● SUPPLIED DATA:

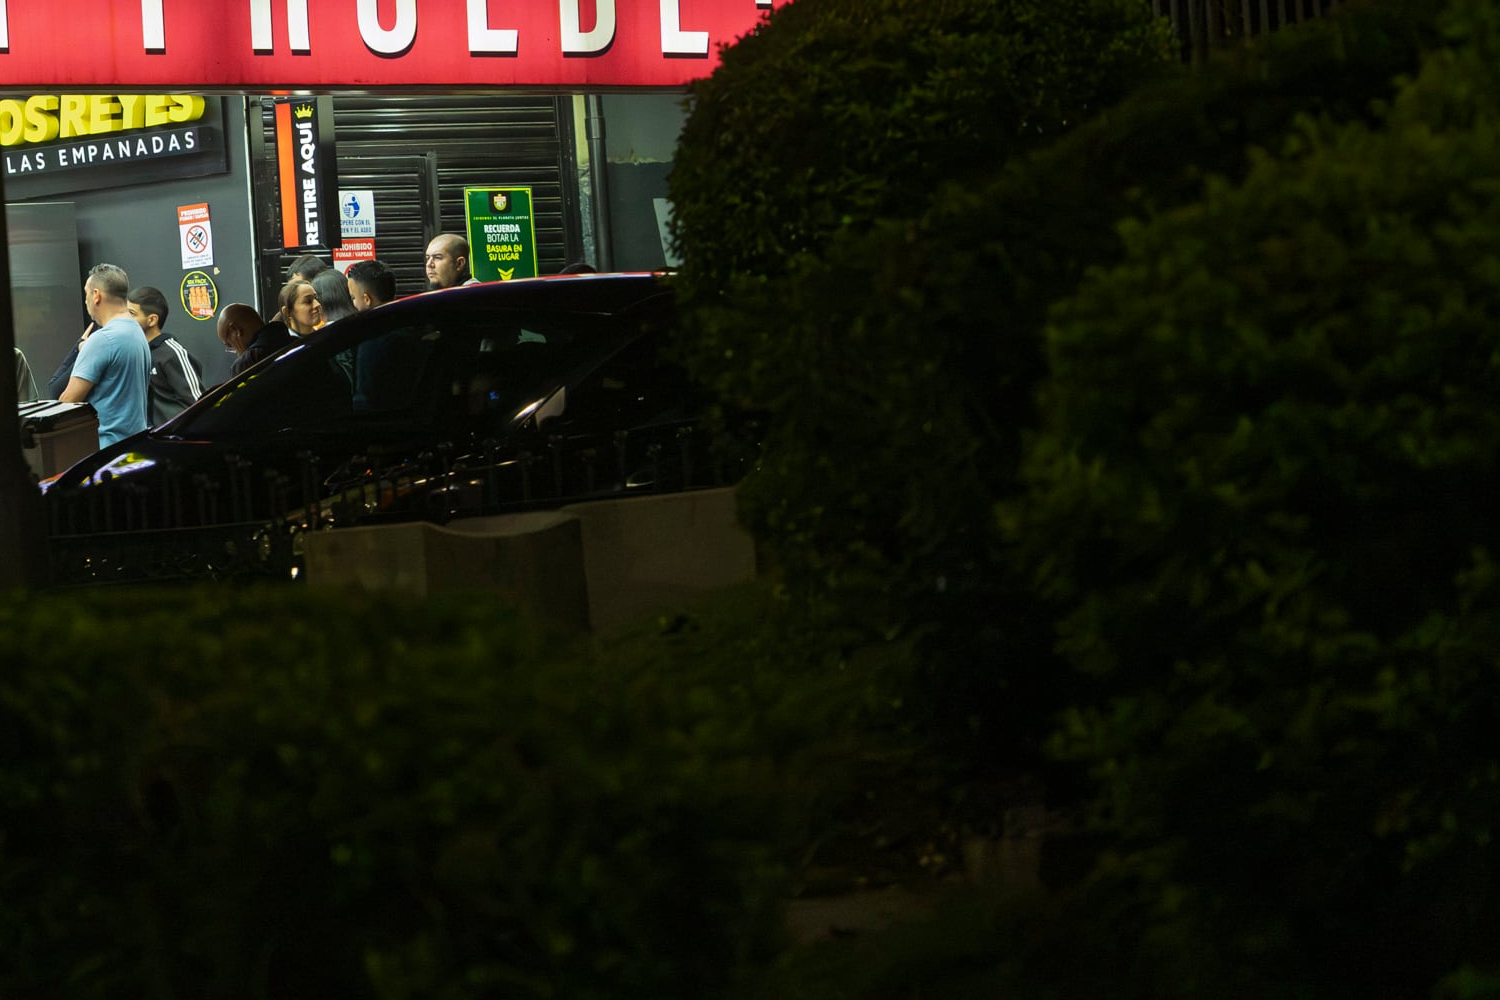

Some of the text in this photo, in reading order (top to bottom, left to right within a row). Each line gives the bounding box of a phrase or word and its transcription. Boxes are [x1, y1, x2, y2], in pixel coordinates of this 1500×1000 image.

[295, 122, 316, 174] AQUÍ
[6, 152, 46, 175] LAS
[58, 131, 196, 167] EMPANADAS
[303, 178, 319, 246] RETIRE
[484, 224, 520, 233] RECUERDA
[487, 233, 519, 243] BOTAR LA
[336, 243, 372, 251] OHIBIDO
[486, 244, 523, 253] BASURA EN
[489, 252, 520, 261] SU LUGAR

● AIM OF THE TASK:
Set down all entries above again, exactly, without images.

● COMPLETED TASK:
Some of the text in this photo, in reading order (top to bottom, left to right within a row). Each line gives the bounding box of a phrase or word and its transcription. Boxes are [x1, y1, x2, y2], in pixel coordinates of this 1500×1000 image.

[295, 122, 316, 174] AQUÍ
[6, 152, 46, 175] LAS
[58, 131, 196, 167] EMPANADAS
[303, 178, 319, 246] RETIRE
[484, 224, 520, 233] RECUERDA
[487, 233, 519, 243] BOTAR LA
[336, 243, 372, 251] OHIBIDO
[486, 244, 523, 253] BASURA EN
[489, 252, 520, 261] SU LUGAR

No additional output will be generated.